• _Your task_: Please set down each entry exactly, omitting any picture it holds.

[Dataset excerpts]

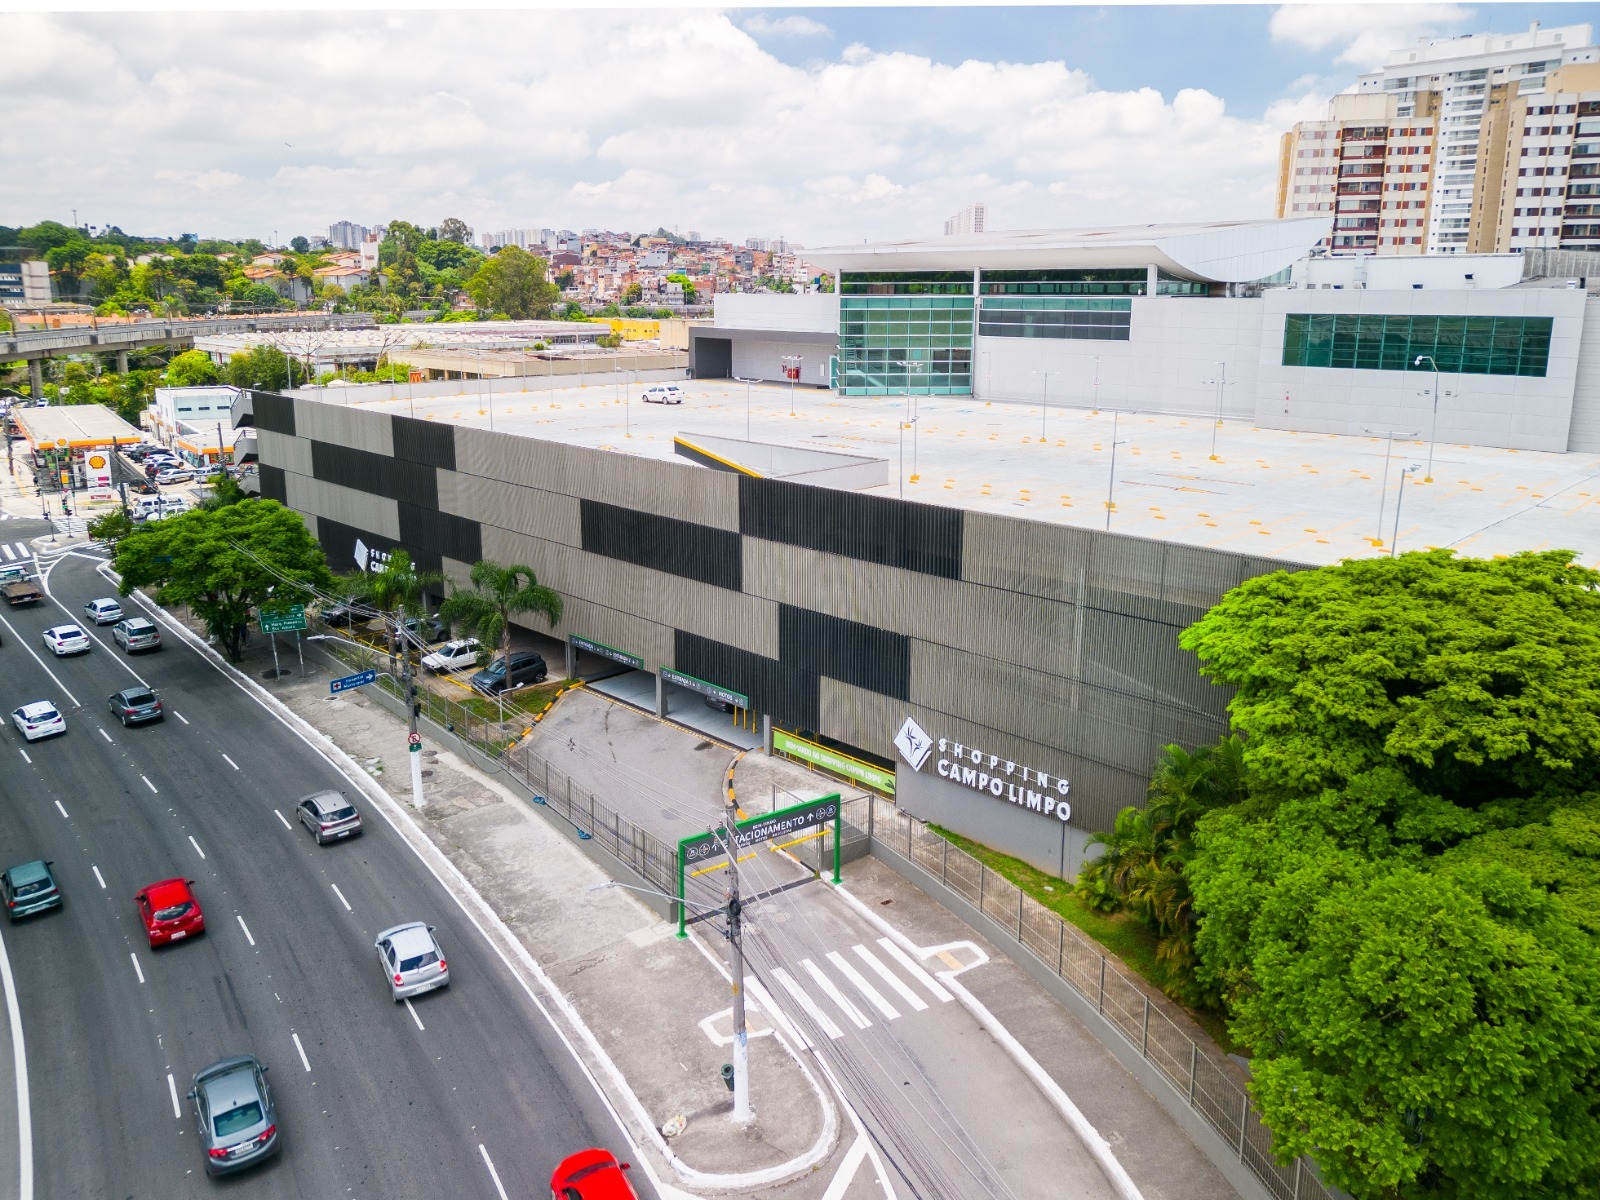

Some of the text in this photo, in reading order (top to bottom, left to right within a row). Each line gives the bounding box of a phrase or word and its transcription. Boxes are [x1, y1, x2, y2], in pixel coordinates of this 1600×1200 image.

[937, 758, 1072, 822] CAMPO LIMPO
[938, 737, 1070, 796] SHOPPING
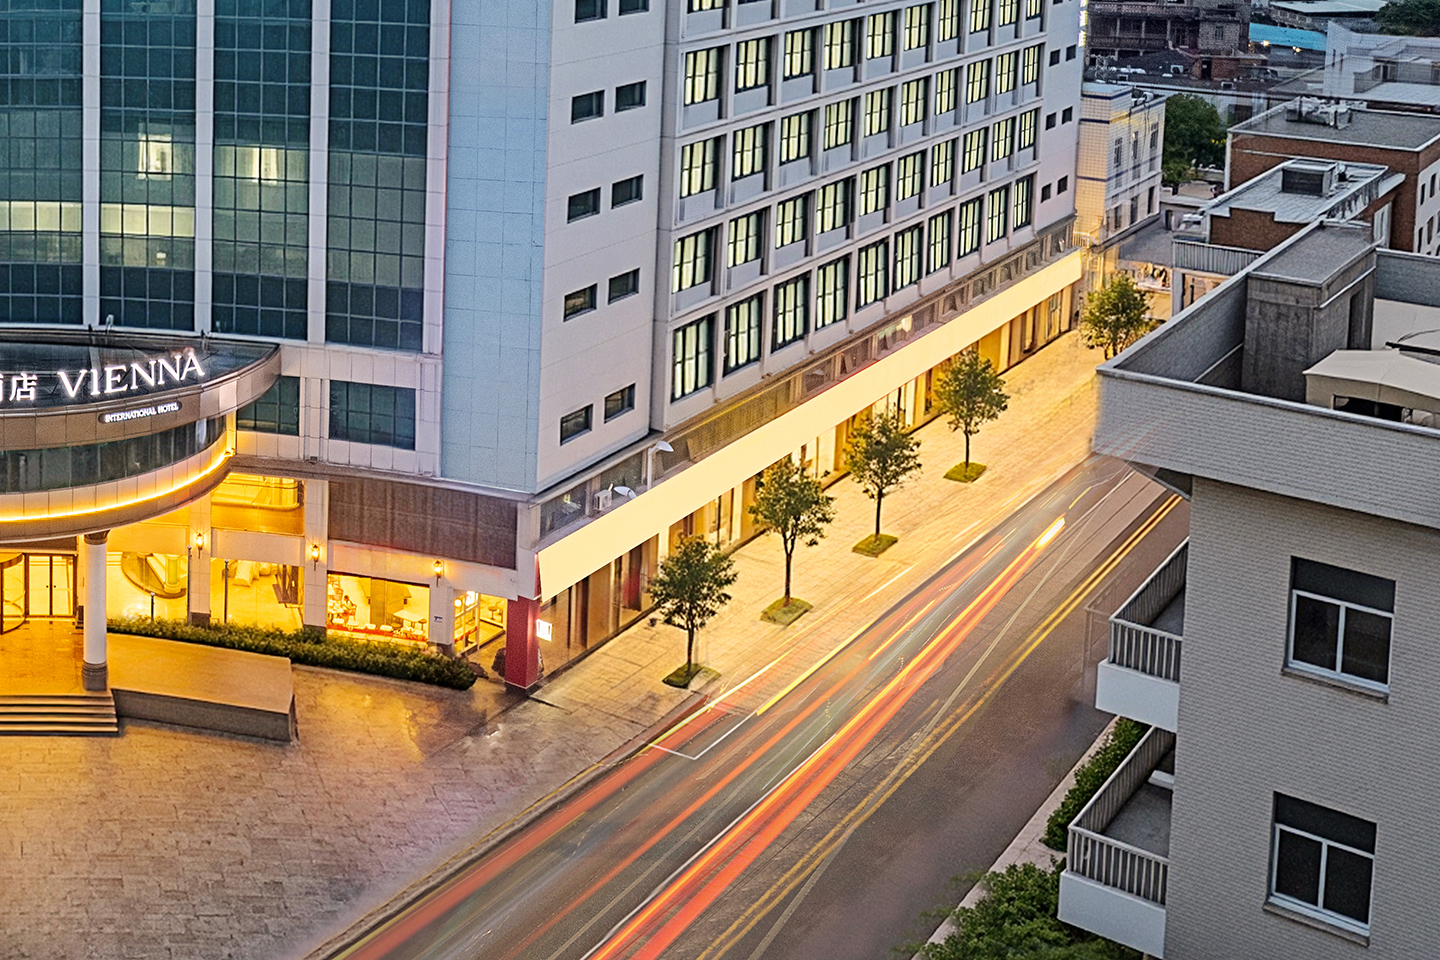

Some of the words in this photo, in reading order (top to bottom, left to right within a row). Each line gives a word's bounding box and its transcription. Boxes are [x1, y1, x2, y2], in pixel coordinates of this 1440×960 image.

[56, 351, 206, 398] VIENNA
[104, 406, 157, 423] INTERNATIONAL
[157, 401, 180, 415] HOTEL

• _Response_:
Some of the text in this photo, in reading order (top to bottom, left to right within a row). Each line gives the bounding box of a phrase or word and its transcription. Boxes are [x1, y1, x2, y2], in pixel coordinates of this 1600×1200 image.

[937, 758, 1072, 822] CAMPO LIMPO
[938, 737, 1070, 796] SHOPPING

Some of the words in this photo, in reading order (top to bottom, left to right within a row). Each line gives a word's bounding box and its transcription. Boxes are [x1, y1, x2, y2], in pixel coordinates of this 1440×960 image.

[56, 351, 206, 398] VIENNA
[104, 406, 157, 423] INTERNATIONAL
[157, 401, 180, 415] HOTEL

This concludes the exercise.